#### PROBLEM TO WORK ON
Would you copy the records exactly, leaving the pictures out?

#### GIVEN DATA
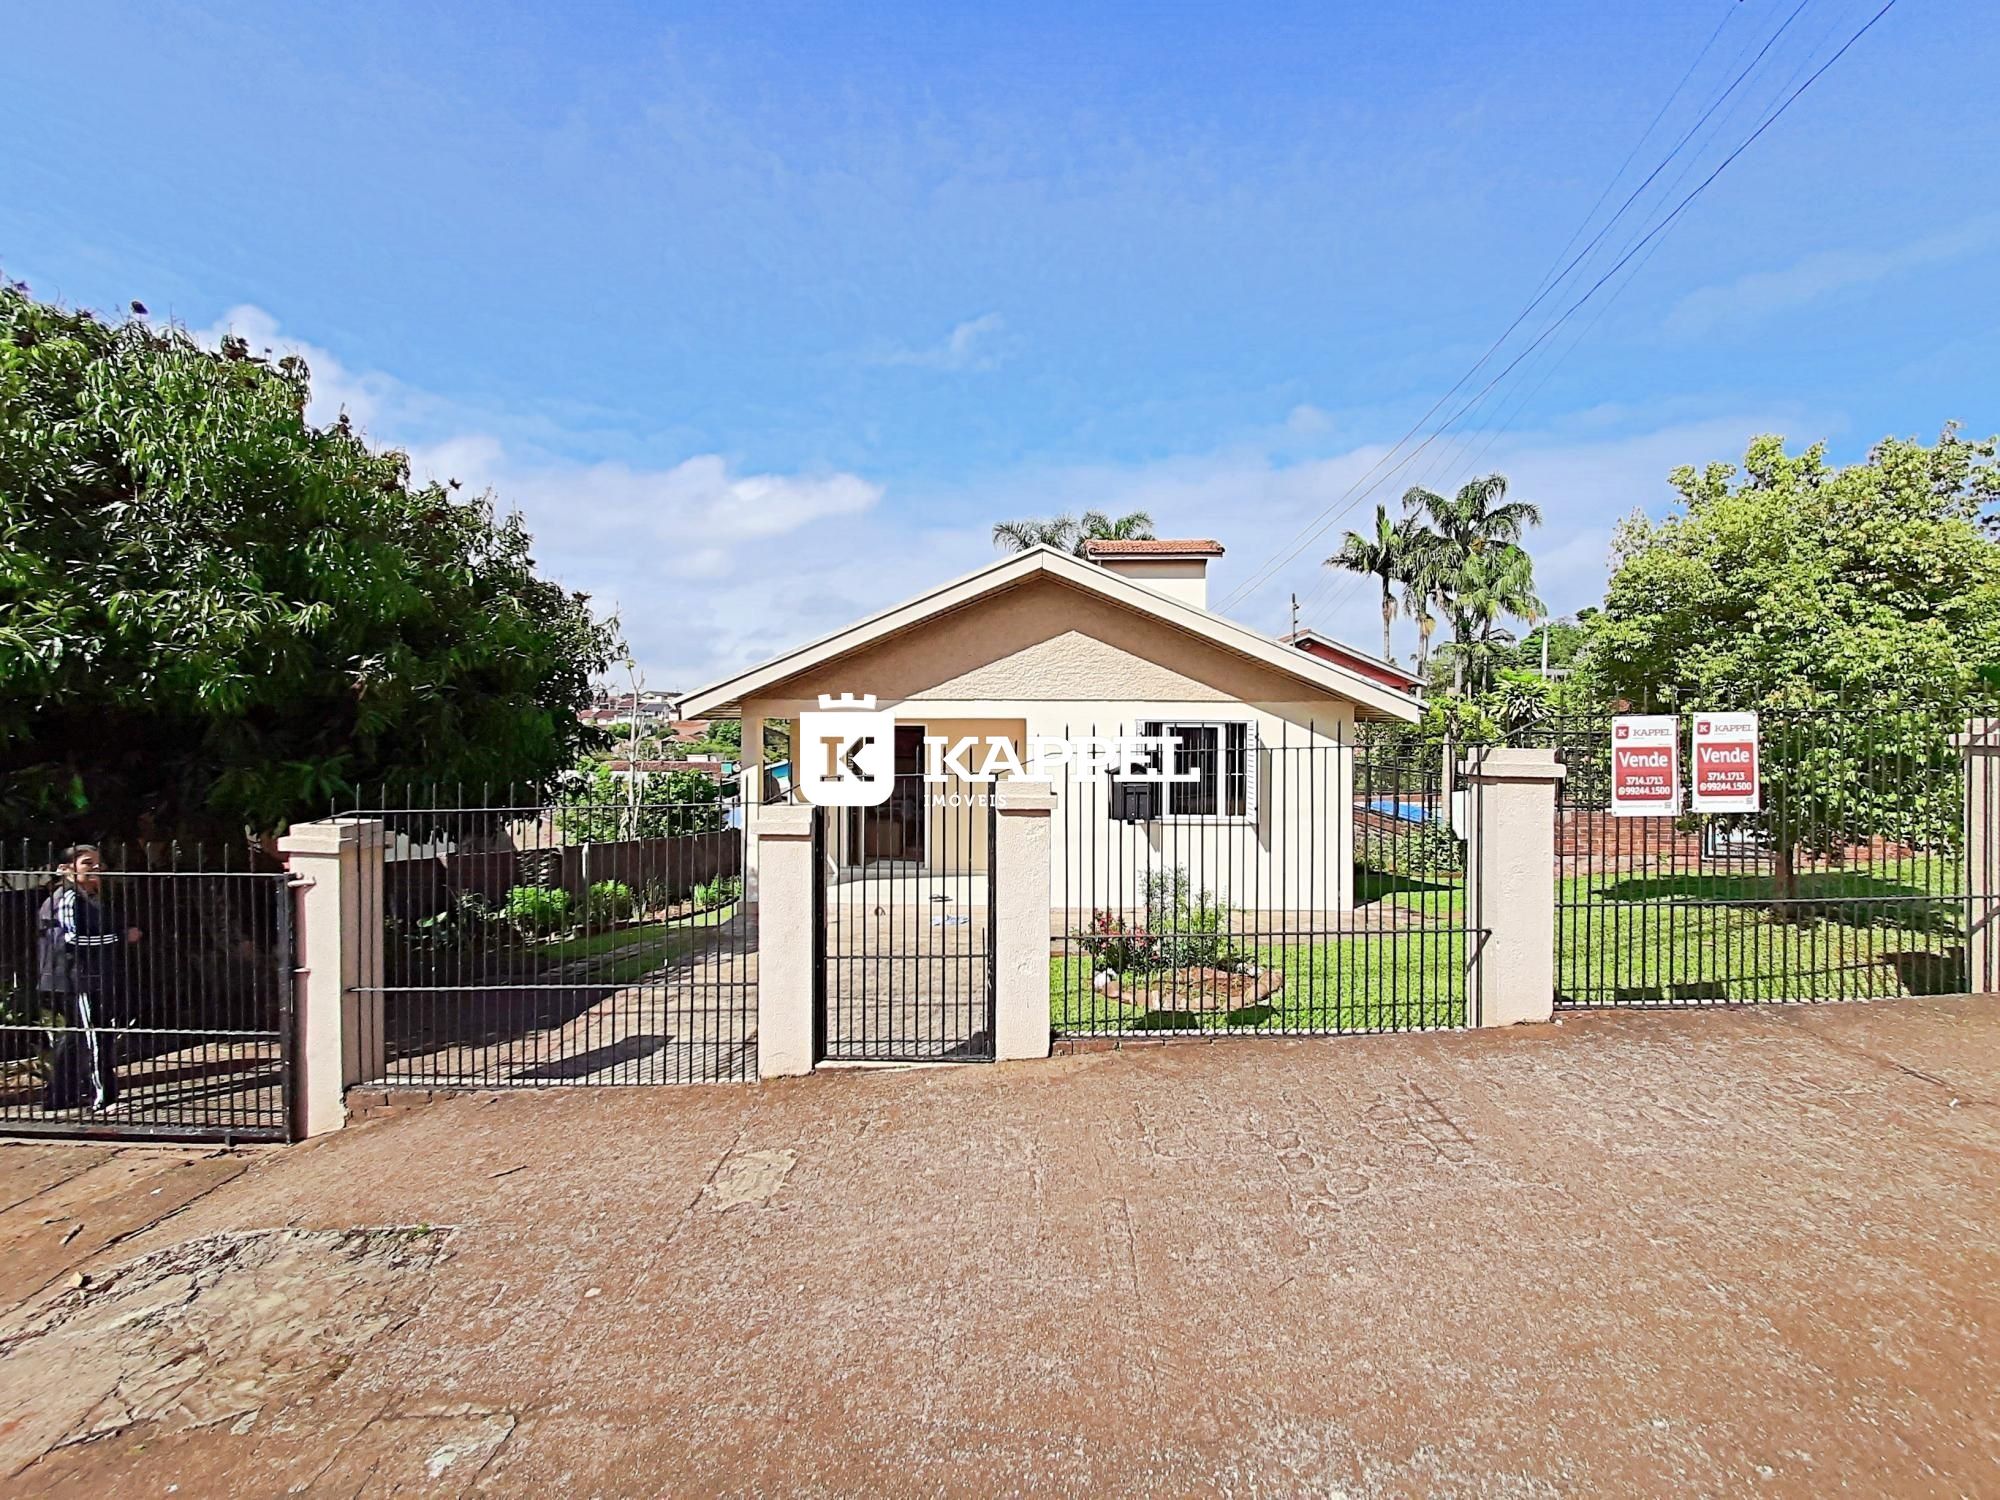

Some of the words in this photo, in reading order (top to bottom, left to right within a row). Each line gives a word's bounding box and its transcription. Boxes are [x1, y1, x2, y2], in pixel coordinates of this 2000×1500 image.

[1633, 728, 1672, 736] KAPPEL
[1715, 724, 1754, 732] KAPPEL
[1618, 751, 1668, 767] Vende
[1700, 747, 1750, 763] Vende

#### ANSWER TO THIS PROBLEM
Some of the words in this photo, in reading order (top to bottom, left to right within a row). Each line gives a word's bounding box and its transcription. Boxes are [x1, y1, x2, y2], in pixel coordinates of this 2000×1500 image.

[1633, 728, 1672, 736] KAPPEL
[1715, 724, 1754, 732] KAPPEL
[1618, 751, 1668, 767] Vende
[1700, 747, 1750, 763] Vende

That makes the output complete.